40分、ピッチ中央でパスを受けたフリーの梶川は楽々と前を向きながら、右の小池へ浮き球のパス。小池は見事な裏抜けからゴールラインギリギリで中へ折り返す。これを凌我がダイレクトで合わせてヴェルディが追加点。開始からフリーになりがちなDHの梶川、サイド制圧した小池が見事に結果に応えて貴重な追加点を挙げる。

 そのあともCKから加藤が決定的なヘディングシュートを放つ場面もあり、大方の予想を覆すようにヴェルディが2-0でリードして前半を終える。

後半

 2点ビハインドの山形がサイド攻撃からPA内で落とし、際どいシュートを放ち、何度もゴールを脅かす。ヴェルディは守備ラインがジリジリと下がっていき、クリアするのがやっとになり敵陣に侵入する回数が減って行き、防戦一方で苦しくなる。山形のビルドアップに対しても前半のように前線から連動することが減って行き、加藤と梶川がボール回収・インターセプトの鋭さも落ちてきて中央を使われて一気に運ばれることが増えてくる。

 69分、中原のシュートがンドカのハンドを誘い、今度は山形がPK獲得する。これをヴィニシウスが決めて1点を返す。

 1点差に詰め寄られ、残り20分。嫌な予感がしてきたなかで状況を変えたのは小池に代わり途中出場した新井だった。堀体制になってからジョーカー的役割で短い時間ながら何度もドリブルを仕掛けてはチャンスメイクをする好調さがこの日も発揮される。右サイドをドリブルで駆け上がり相手を交わしては陣地回復。敵陣に入ると勢いもったままシュートと劣勢の状況を挽回する活躍で盛り返す。

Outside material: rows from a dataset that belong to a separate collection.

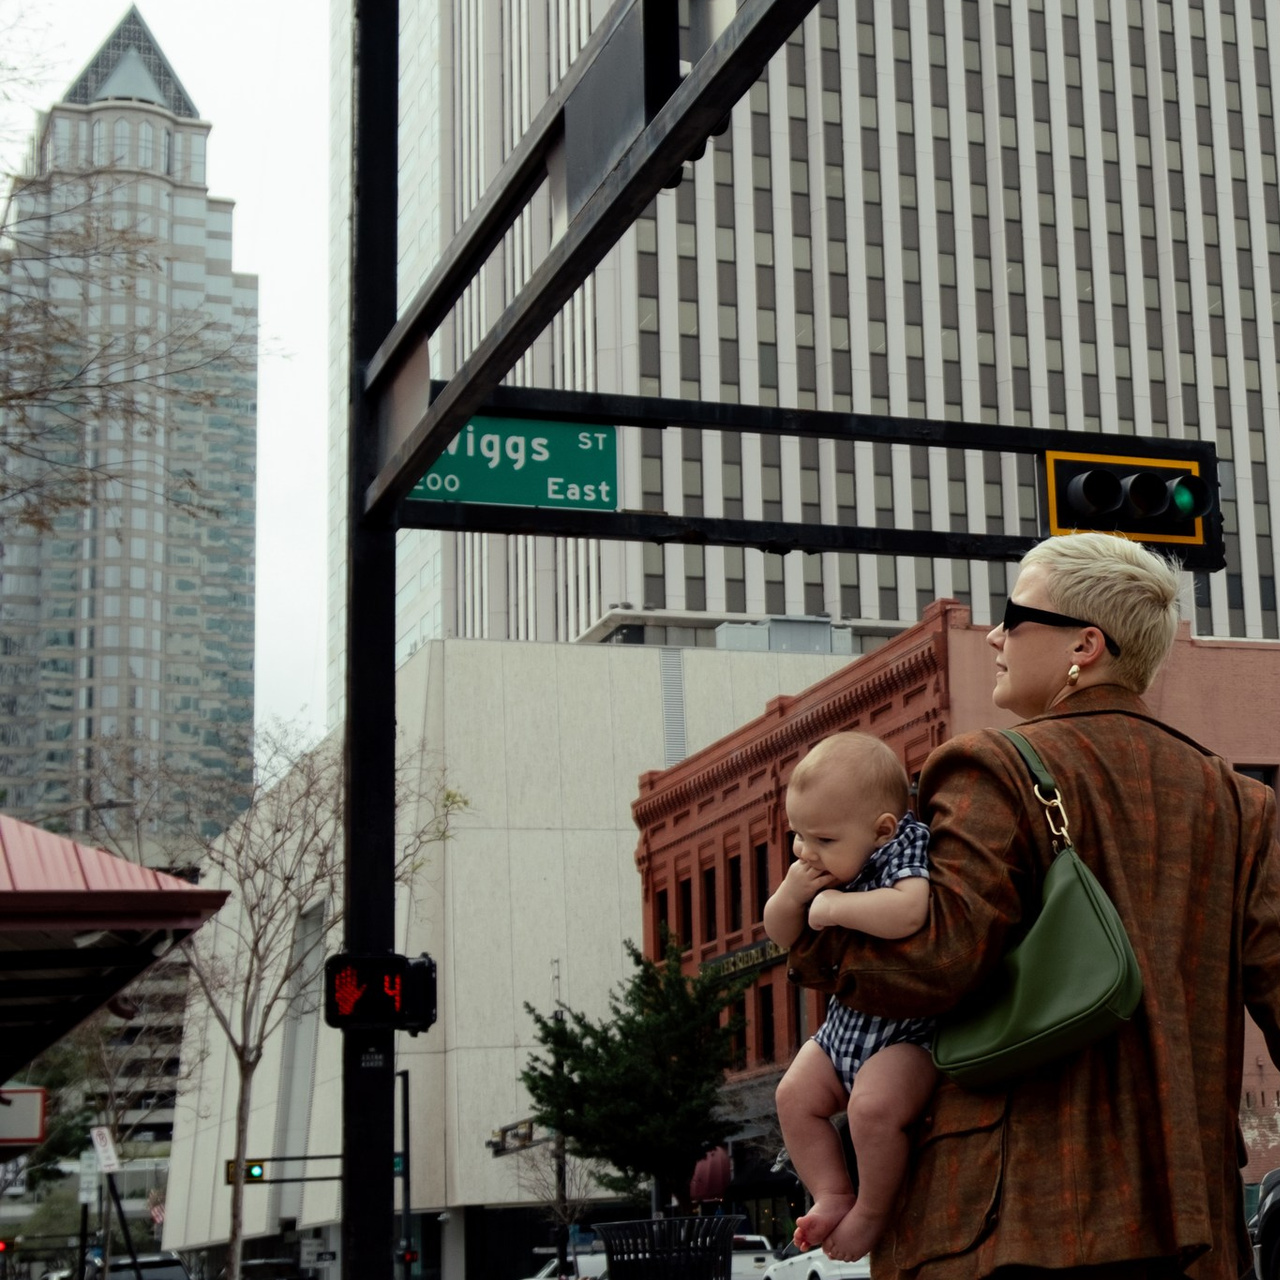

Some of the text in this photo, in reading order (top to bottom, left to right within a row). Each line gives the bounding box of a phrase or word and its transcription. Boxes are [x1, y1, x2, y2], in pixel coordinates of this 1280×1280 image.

[578, 432, 606, 451] ST
[547, 477, 610, 502] East
[383, 972, 403, 1014] 4
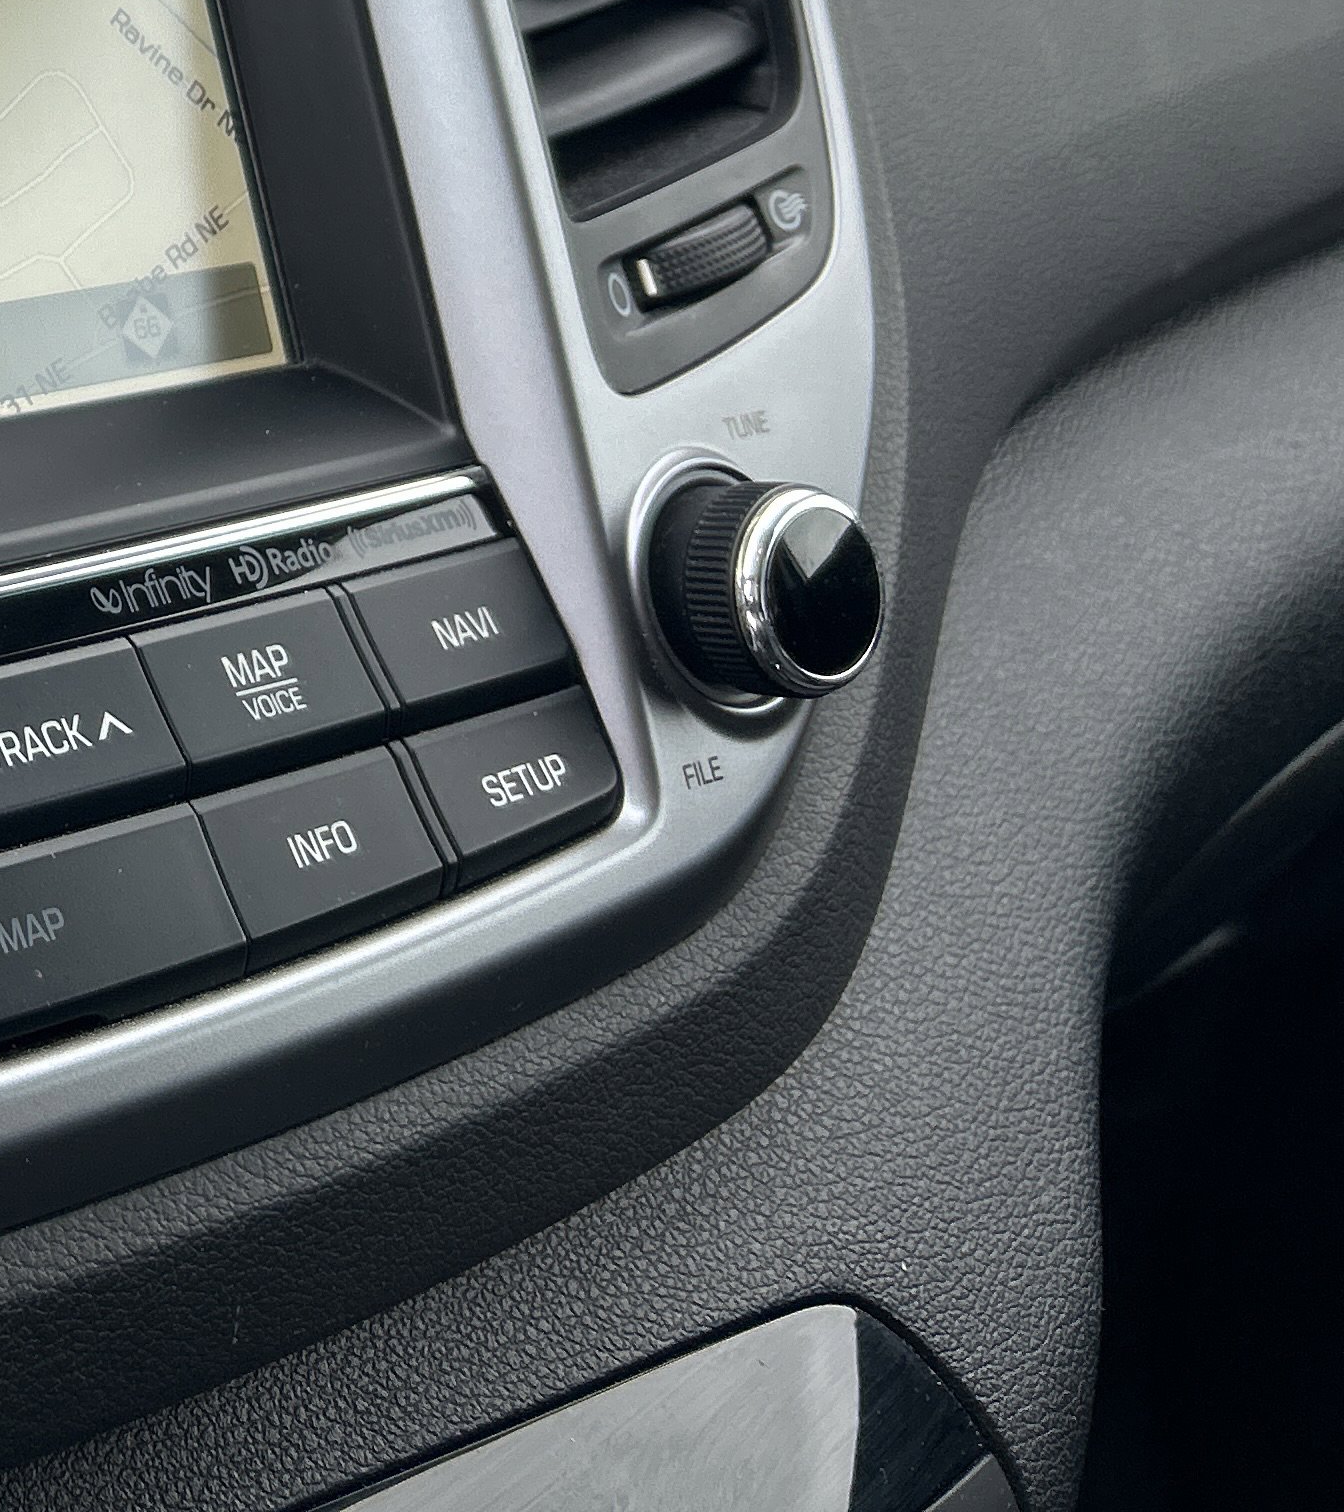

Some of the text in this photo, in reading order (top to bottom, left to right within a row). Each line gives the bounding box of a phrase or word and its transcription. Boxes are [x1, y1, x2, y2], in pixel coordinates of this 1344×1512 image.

[109, 7, 184, 85] Ravine
[185, 79, 216, 111] Dr
[164, 234, 200, 269] Rd
[194, 205, 230, 244] NE
[34, 356, 74, 397] NE
[721, 409, 771, 441] TUNE
[265, 537, 333, 576] Radio
[118, 565, 212, 614] Infinity
[430, 605, 500, 651] NAVI
[220, 644, 289, 688] MAP
[241, 687, 308, 721] VOICE
[480, 753, 567, 808] SETUP
[681, 755, 724, 790] FILE
[285, 820, 358, 869] INFO

 負けじと山形もサイド攻撃からヴィニシウス、半田、そして交代出場のマルティノスがシュートを放っていくもマテウスのファインセーブ連発。山形がCB熊本を上げてパワープレー、対するヴェルディはキャプテン・平がた6か月ぶりに出場して1点を守り切り、ヴェルディが2-1で勝利を挙げて5試合ぶりの勝ち点3を手に入れた。

まとめ

 試合を通してみると、主審の残念さが印象に残るものであったが、ヴェルディの選手たちの頑張りは確かなものだった。前節からの継続性がどうなるかと注目してみたら、見事に継続する形が見られた。ここ数年ではあまり見られないような雰囲気を感じ取り、次節、次々節がどうなるかますます気になっていく。
 ボランチに加藤、CFに佐藤凌我、サイドに小池と適材適所で本職の選手たちを並べたことでその能力が遺憾なく発揮され、締まった試合になったと考える。一時期は絶不調だった若狭もメンタル面での復活もあったのかパフォーマンスが上がりつつあり、地味ではあるがマテウスのシュートカバーで何度もゴール内を守るなど堅実さも出ている。
 また、途中出場の新井が短い時間ながら何度もドリブルを仕掛け、試合終盤で両チームの選手が足が止まるなかで良いアクセントをつけている。そろそろ得点やアシストが見たいところだ。
 この勝利で残留は数字上でもほぼ確定した。今後に向けての戦いになるのか、次節長崎を見守りたい。